2. How is the voyage itself a metaphor for childhood?
3. Why do you think the opening passages of the book are told in third person?
4. We are 133 pages into the novel before Ondaatje gives us an idea of what year it is. How does he use time—or the sense of timelessness—to propel the story?
5. The anonymity of ocean travel and the sense that board ship we know only what others want us to know about them come into play at several points in the novel. What is Ondaatje saying about identity?
6. For several characters—the three boys and Emily among them—the journey represents a loss of innocence. For whom does it have the greatest impact?

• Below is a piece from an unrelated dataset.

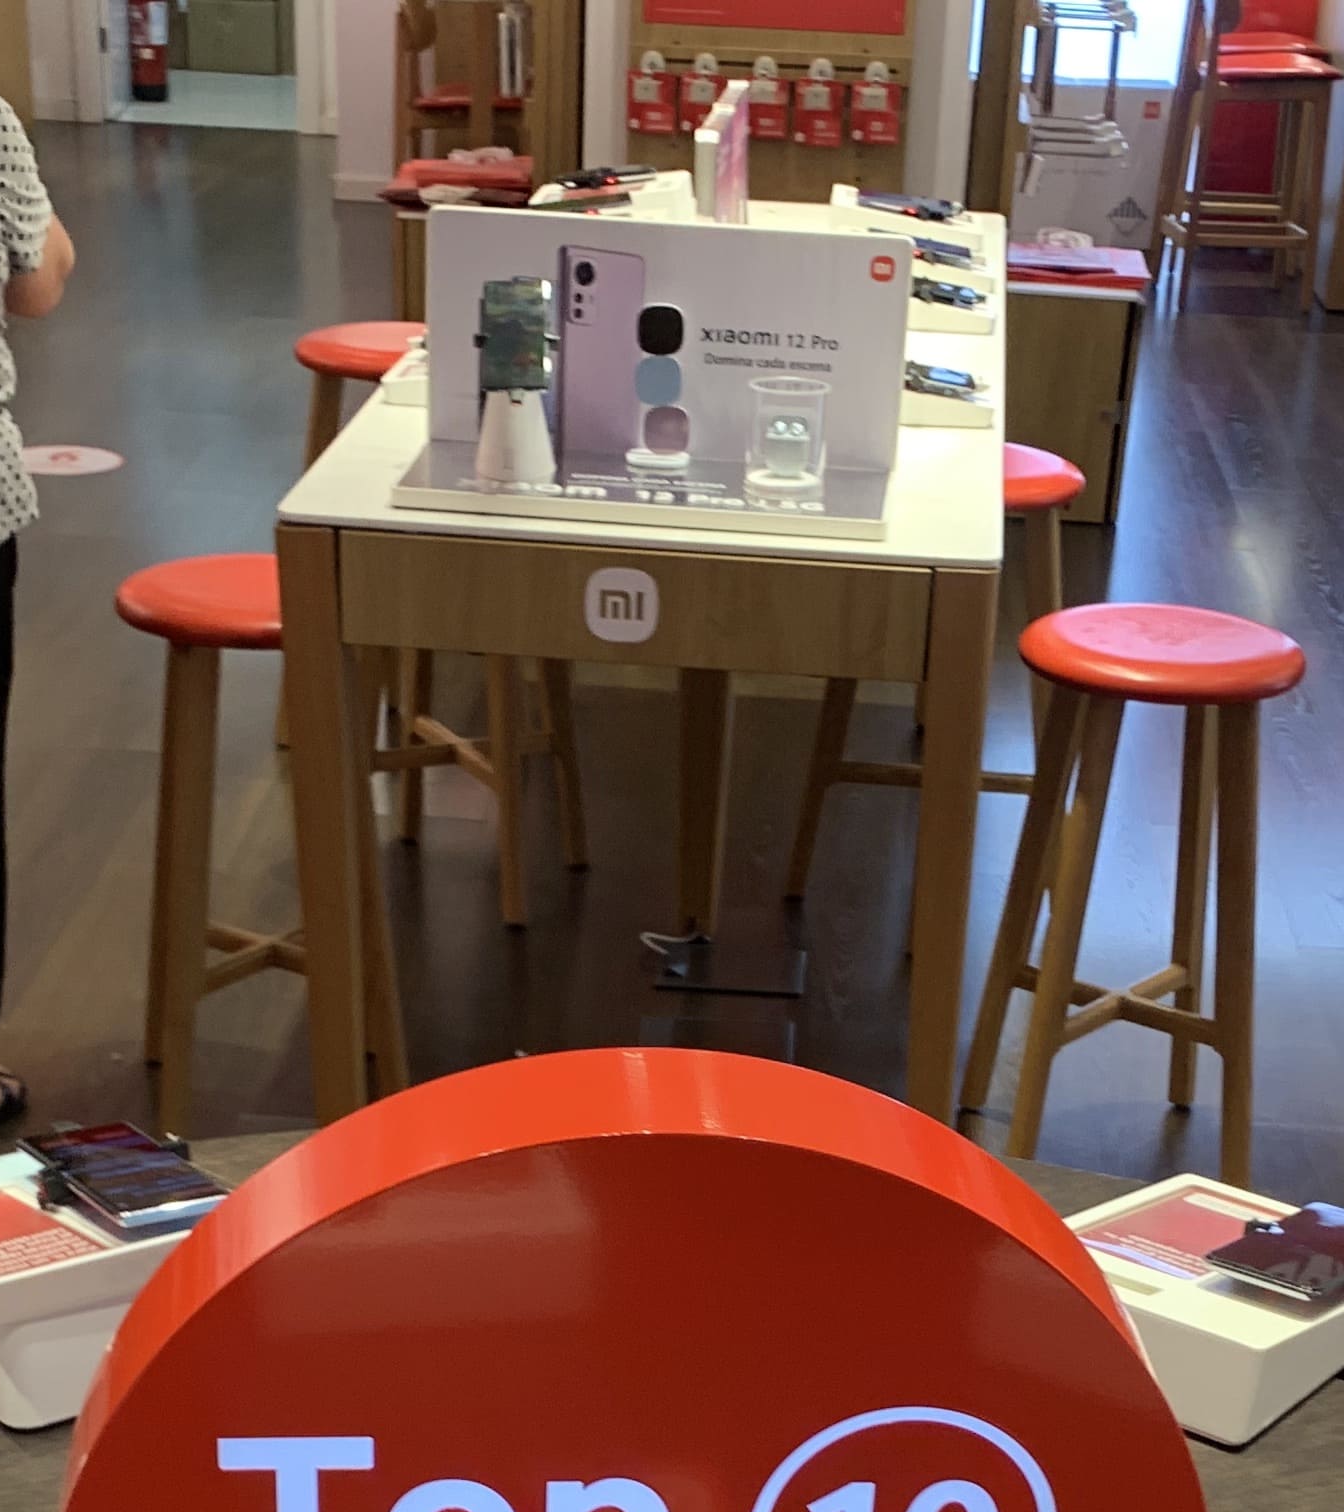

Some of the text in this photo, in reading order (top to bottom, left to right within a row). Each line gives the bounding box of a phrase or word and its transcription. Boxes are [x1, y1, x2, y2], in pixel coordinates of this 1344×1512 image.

[701, 327, 839, 351] xiaomi 12 Pro

7. Discuss the importance of some of the seemingly minor characters at the table: Mr. Mazappa, Mr. Fonseka, Mr. Nevil. What do they contribute to the story?
8. “What is interesting and important happens mostly in secret, in places where there is no power,” the narrator realizes (page 75). “Nothing much of lasting value ever happens at the head table, held together by a familiar rhetoric. Those who already have power continue to glide along the familiar rut they have made for themselves.” How does this prove true over the course of the novel?

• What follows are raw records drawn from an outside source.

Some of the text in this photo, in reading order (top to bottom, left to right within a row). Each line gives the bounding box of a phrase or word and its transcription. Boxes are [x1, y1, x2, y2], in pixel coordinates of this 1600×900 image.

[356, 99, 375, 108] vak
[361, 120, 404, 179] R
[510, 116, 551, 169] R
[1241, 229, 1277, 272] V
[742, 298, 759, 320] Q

9. How do the narrator’s experiences breaking and entering with the Baron change his way of looking at the world?
10. Discuss the three boys’ experience during the typhoon. How does it affect their friendship and their attitude toward authority figures?
11. How does the death of Sir Hector factor into the larger story?
12. On page 155, the narrator refers to Ramadhin as “the saint of our clandestine family.” What does he mean?
13. When describing the collapse of his marriage, the narrator says, “Massi said that sometimes, when things overwhelmed me, there was a trick or a habit I had: I turned myself into something that did not belong anywhere. I trusted nothing I was told, not even what I witnessed” (page 203). What made him behave this way? How did it affect his marriage?
14. On page 208, the narrator tells us about a master class given by the filmmaker Luc Dardenne in which “he spoke of how viewers of his films should not assume they understood everything about the characters. As members of an audience we should never feel ourselves wiser than they; we do not have more knowledge than the characters have about themselves.” Why did Ondaatje give us this warning, so far into the novel? What is he telling us?
15. What was your reaction to the revelations about Miss Lasqueti?
16. How do you think her letter to Emily might have changed the events on board the Oronsay? Why didn’t she send it?
17. Miss Laqueti signs off her letter, “‘Despair young and never look back,’ an Irishman said. And this is what I did” (page 231). What does she mean?
18. Discuss Emily’s relationship with Asuntha. Did she, as the narrator suggests on page 251, see herself in the deaf girl?
19. When Emily says to the narrator, “I don’t think you can love me into safety,” (page 250), to what is she referring? What is the danger, decades after the voyage?
20. The narrator wishes to protect Emily, Cassius has Asuntha, and Ramadhin has Heather Cave. “What happened that the three of us had a desire to protect others seemingly less secure than ourselves?” he asks on page 262. How would you answer that question?